— Pues tú los traes, ¡hala!
— ¡Uaaá! — hizo Gloria, volviéndose y enseñándole la lengua.
¿De dónde habría sacado la señora estos dos hijos tan bobos? Muchas noches se venían a la cocina a ver cómo pelaban patatas ella y la otra compañera, Vicenta; y si no estaba también la vieja ama Charo, les contaban ambas, por reírse, cuentos verdes... ¡por reírse al mirar la cara de tonto de Rodrigo, que no entendía, y la cara de Petra... ¡que ya los iba entendiendo de más y se disgustaba algunos ratos... «porque decían aquellas cosas delante del niño»!
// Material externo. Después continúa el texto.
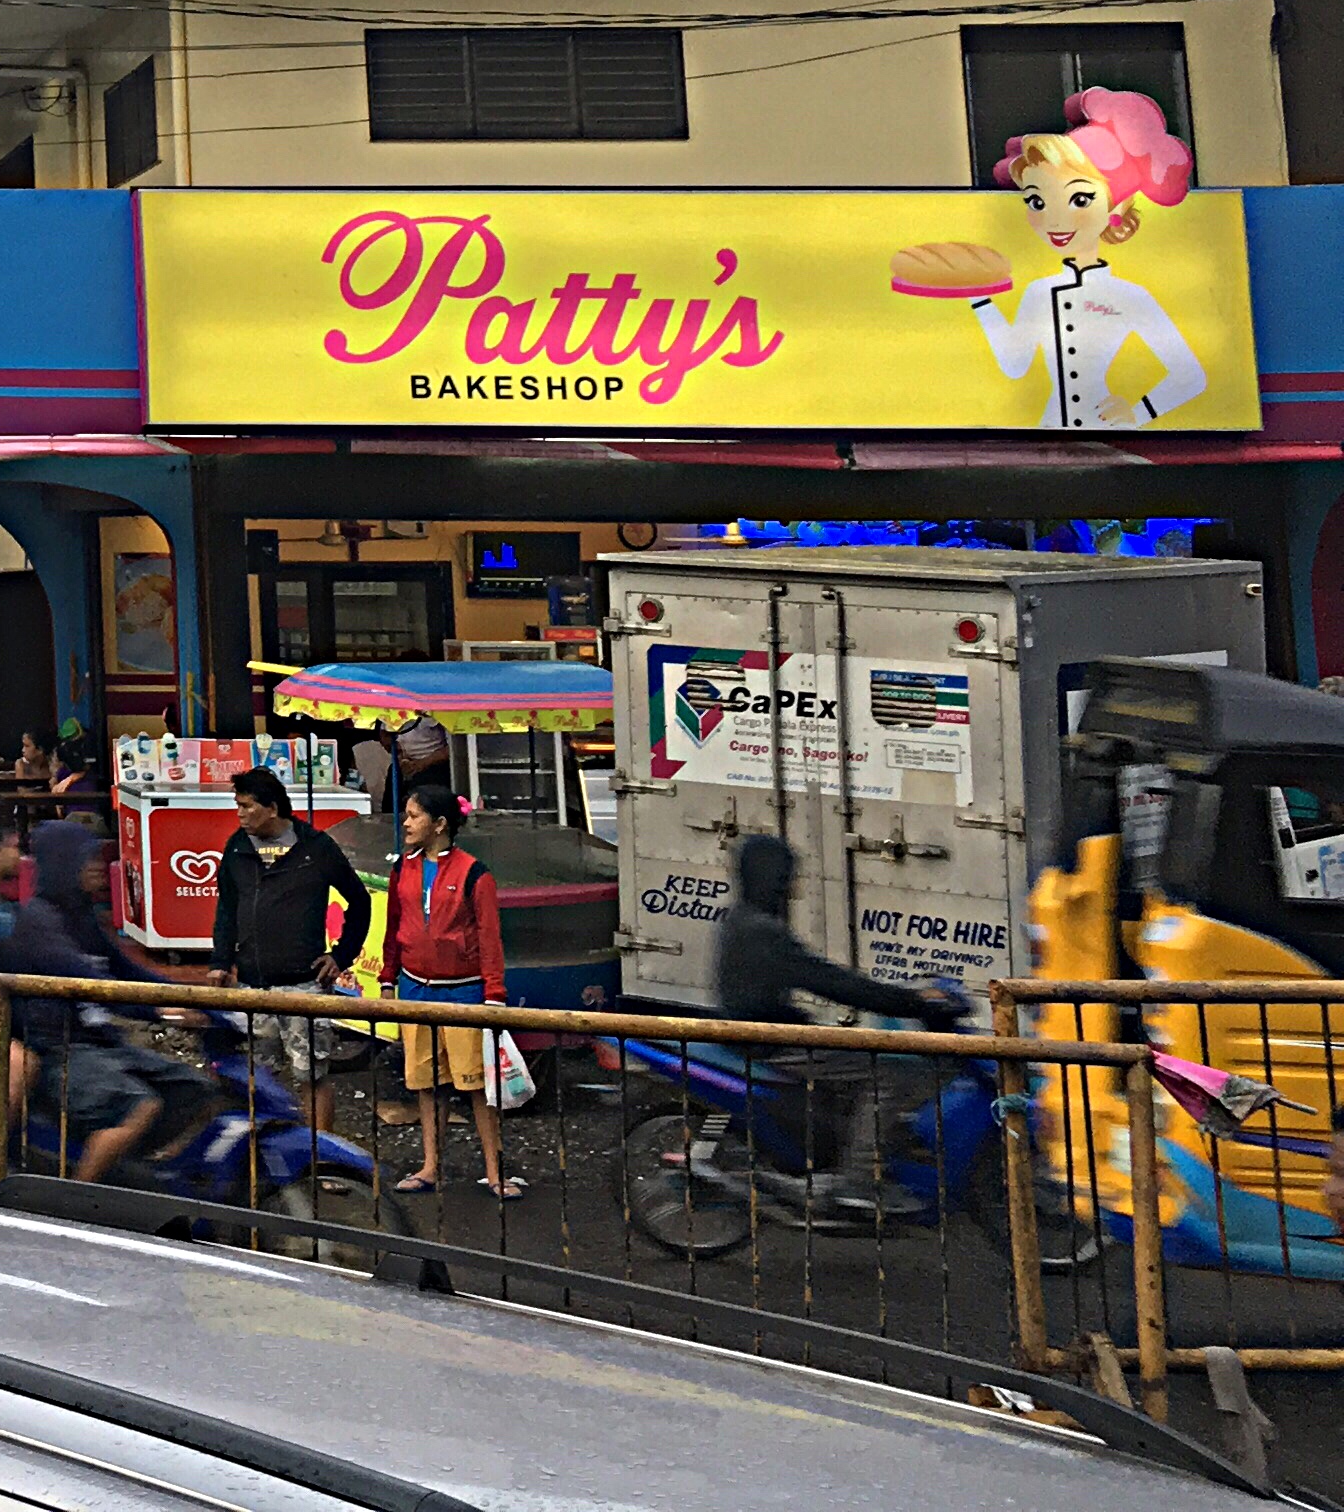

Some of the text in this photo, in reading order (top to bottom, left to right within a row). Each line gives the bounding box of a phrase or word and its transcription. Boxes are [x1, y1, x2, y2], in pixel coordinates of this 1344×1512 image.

¡Bah, qué niño... que cogía en el canapé más que un gastador!
Le estaba viendo Gloria en el espejo, sin dejar de peinarse.
Pero volvió él a llamarla con imperio y se levantó al fin, sin prisas, de más confiada en la bondad del muchachote, guapo como una niña e inocentón hasta lo increíble, a pesar de sus trece años.
A la vez que le irritaba a Rodrigo tener siempre que enfadarse antes que le obedecieran las criadas, le entristecía el desvío de su hermana para él, cada día más grande. Por eso rezumaban lágrimas sus ojos cuando se le acercó Gloria llevándole los cromos en el delantal, mal cubiertos los senos por el justillo suelto.